WHAT IS NEEDED
Please make an exact transcription of all the data that follows.

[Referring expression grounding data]
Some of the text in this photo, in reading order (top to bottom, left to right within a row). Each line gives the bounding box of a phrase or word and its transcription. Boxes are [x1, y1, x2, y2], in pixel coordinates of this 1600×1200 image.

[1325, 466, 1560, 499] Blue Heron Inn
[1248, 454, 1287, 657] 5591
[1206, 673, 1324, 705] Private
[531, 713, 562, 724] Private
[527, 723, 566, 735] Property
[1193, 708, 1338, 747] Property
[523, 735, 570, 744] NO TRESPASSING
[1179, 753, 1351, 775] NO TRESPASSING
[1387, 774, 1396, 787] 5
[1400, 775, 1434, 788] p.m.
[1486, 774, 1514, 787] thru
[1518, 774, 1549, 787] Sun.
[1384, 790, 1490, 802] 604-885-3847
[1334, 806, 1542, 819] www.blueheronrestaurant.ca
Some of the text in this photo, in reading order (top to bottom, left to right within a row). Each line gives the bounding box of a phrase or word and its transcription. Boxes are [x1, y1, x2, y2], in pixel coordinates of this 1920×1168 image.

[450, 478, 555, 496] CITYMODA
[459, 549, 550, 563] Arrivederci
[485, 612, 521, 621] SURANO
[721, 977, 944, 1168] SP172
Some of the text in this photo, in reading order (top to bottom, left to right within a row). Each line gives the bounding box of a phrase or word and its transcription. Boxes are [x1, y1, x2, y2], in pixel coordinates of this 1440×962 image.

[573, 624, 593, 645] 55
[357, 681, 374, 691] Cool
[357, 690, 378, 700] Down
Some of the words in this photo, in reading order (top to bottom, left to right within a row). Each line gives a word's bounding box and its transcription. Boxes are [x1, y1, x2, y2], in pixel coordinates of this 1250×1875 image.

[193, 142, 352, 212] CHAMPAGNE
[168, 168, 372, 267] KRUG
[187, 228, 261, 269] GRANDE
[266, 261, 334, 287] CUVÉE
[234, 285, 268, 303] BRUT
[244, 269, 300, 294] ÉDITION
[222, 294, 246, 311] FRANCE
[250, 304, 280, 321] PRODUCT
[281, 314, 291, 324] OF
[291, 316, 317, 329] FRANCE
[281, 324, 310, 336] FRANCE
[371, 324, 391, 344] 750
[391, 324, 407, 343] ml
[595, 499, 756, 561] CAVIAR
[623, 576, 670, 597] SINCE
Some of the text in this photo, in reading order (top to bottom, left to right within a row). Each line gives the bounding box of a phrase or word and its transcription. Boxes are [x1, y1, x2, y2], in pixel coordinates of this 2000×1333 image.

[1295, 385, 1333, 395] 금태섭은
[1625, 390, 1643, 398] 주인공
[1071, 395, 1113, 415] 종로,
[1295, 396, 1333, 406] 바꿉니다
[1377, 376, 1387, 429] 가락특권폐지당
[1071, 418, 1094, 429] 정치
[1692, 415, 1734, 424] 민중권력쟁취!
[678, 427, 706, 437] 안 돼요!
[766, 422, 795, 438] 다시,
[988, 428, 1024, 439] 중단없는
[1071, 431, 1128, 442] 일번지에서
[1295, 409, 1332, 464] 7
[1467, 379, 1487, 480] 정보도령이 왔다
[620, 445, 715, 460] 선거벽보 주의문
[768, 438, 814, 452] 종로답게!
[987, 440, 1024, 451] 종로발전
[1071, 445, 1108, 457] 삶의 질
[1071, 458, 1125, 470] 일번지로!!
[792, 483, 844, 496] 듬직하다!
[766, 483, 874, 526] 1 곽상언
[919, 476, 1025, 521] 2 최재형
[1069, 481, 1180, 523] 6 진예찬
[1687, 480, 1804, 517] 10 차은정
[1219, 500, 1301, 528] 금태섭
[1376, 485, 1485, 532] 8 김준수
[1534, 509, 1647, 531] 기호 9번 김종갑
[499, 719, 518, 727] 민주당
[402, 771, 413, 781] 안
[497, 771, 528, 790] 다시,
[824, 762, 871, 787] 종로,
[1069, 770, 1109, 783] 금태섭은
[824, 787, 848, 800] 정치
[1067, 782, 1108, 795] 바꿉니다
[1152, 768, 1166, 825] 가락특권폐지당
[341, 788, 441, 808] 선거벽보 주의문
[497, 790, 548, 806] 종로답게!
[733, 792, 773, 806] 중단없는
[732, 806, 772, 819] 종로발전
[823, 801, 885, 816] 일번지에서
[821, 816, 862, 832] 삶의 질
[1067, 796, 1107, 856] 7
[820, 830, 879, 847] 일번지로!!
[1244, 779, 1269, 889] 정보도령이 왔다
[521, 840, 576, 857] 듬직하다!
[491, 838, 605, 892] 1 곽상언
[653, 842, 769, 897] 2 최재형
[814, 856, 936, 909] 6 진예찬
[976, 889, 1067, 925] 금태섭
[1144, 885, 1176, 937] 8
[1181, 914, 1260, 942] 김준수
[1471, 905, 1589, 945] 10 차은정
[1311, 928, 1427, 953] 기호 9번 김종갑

RESPONSE TO THIS TASK
Some of the text in this photo, in reading order (top to bottom, left to right within a row). Each line gives the bounding box of a phrase or word and its transcription. Boxes are [x1, y1, x2, y2], in pixel coordinates of this 1600×1200 image.

[1325, 466, 1560, 499] Blue Heron Inn
[1248, 454, 1287, 657] 5591
[1206, 673, 1324, 705] Private
[531, 713, 562, 724] Private
[527, 723, 566, 735] Property
[1193, 708, 1338, 747] Property
[523, 735, 570, 744] NO TRESPASSING
[1179, 753, 1351, 775] NO TRESPASSING
[1387, 774, 1396, 787] 5
[1400, 775, 1434, 788] p.m.
[1486, 774, 1514, 787] thru
[1518, 774, 1549, 787] Sun.
[1384, 790, 1490, 802] 604-885-3847
[1334, 806, 1542, 819] www.blueheronrestaurant.ca
Some of the text in this photo, in reading order (top to bottom, left to right within a row). Each line gives the bounding box of a phrase or word and its transcription. Boxes are [x1, y1, x2, y2], in pixel coordinates of this 1920×1168 image.

[450, 478, 555, 496] CITYMODA
[459, 549, 550, 563] Arrivederci
[485, 612, 521, 621] SURANO
[721, 977, 944, 1168] SP172
Some of the text in this photo, in reading order (top to bottom, left to right within a row). Each line gives the bounding box of a phrase or word and its transcription. Boxes are [x1, y1, x2, y2], in pixel coordinates of this 1440×962 image.

[573, 624, 593, 645] 55
[357, 681, 374, 691] Cool
[357, 690, 378, 700] Down
Some of the words in this photo, in reading order (top to bottom, left to right within a row). Each line gives a word's bounding box and its transcription. Boxes are [x1, y1, x2, y2], in pixel coordinates of this 1250×1875 image.

[193, 142, 352, 212] CHAMPAGNE
[168, 168, 372, 267] KRUG
[187, 228, 261, 269] GRANDE
[266, 261, 334, 287] CUVÉE
[234, 285, 268, 303] BRUT
[244, 269, 300, 294] ÉDITION
[222, 294, 246, 311] FRANCE
[250, 304, 280, 321] PRODUCT
[281, 314, 291, 324] OF
[291, 316, 317, 329] FRANCE
[281, 324, 310, 336] FRANCE
[371, 324, 391, 344] 750
[391, 324, 407, 343] ml
[595, 499, 756, 561] CAVIAR
[623, 576, 670, 597] SINCE
Some of the text in this photo, in reading order (top to bottom, left to right within a row). Each line gives the bounding box of a phrase or word and its transcription. Boxes are [x1, y1, x2, y2], in pixel coordinates of this 2000×1333 image.

[1295, 385, 1333, 395] 금태섭은
[1625, 390, 1643, 398] 주인공
[1071, 395, 1113, 415] 종로,
[1295, 396, 1333, 406] 바꿉니다
[1377, 376, 1387, 429] 가락특권폐지당
[1071, 418, 1094, 429] 정치
[1692, 415, 1734, 424] 민중권력쟁취!
[678, 427, 706, 437] 안 돼요!
[766, 422, 795, 438] 다시,
[988, 428, 1024, 439] 중단없는
[1071, 431, 1128, 442] 일번지에서
[1295, 409, 1332, 464] 7
[1467, 379, 1487, 480] 정보도령이 왔다
[620, 445, 715, 460] 선거벽보 주의문
[768, 438, 814, 452] 종로답게!
[987, 440, 1024, 451] 종로발전
[1071, 445, 1108, 457] 삶의 질
[1071, 458, 1125, 470] 일번지로!!
[792, 483, 844, 496] 듬직하다!
[766, 483, 874, 526] 1 곽상언
[919, 476, 1025, 521] 2 최재형
[1069, 481, 1180, 523] 6 진예찬
[1687, 480, 1804, 517] 10 차은정
[1219, 500, 1301, 528] 금태섭
[1376, 485, 1485, 532] 8 김준수
[1534, 509, 1647, 531] 기호 9번 김종갑
[499, 719, 518, 727] 민주당
[402, 771, 413, 781] 안
[497, 771, 528, 790] 다시,
[824, 762, 871, 787] 종로,
[1069, 770, 1109, 783] 금태섭은
[824, 787, 848, 800] 정치
[1067, 782, 1108, 795] 바꿉니다
[1152, 768, 1166, 825] 가락특권폐지당
[341, 788, 441, 808] 선거벽보 주의문
[497, 790, 548, 806] 종로답게!
[733, 792, 773, 806] 중단없는
[732, 806, 772, 819] 종로발전
[823, 801, 885, 816] 일번지에서
[821, 816, 862, 832] 삶의 질
[1067, 796, 1107, 856] 7
[820, 830, 879, 847] 일번지로!!
[1244, 779, 1269, 889] 정보도령이 왔다
[521, 840, 576, 857] 듬직하다!
[491, 838, 605, 892] 1 곽상언
[653, 842, 769, 897] 2 최재형
[814, 856, 936, 909] 6 진예찬
[976, 889, 1067, 925] 금태섭
[1144, 885, 1176, 937] 8
[1181, 914, 1260, 942] 김준수
[1471, 905, 1589, 945] 10 차은정
[1311, 928, 1427, 953] 기호 9번 김종갑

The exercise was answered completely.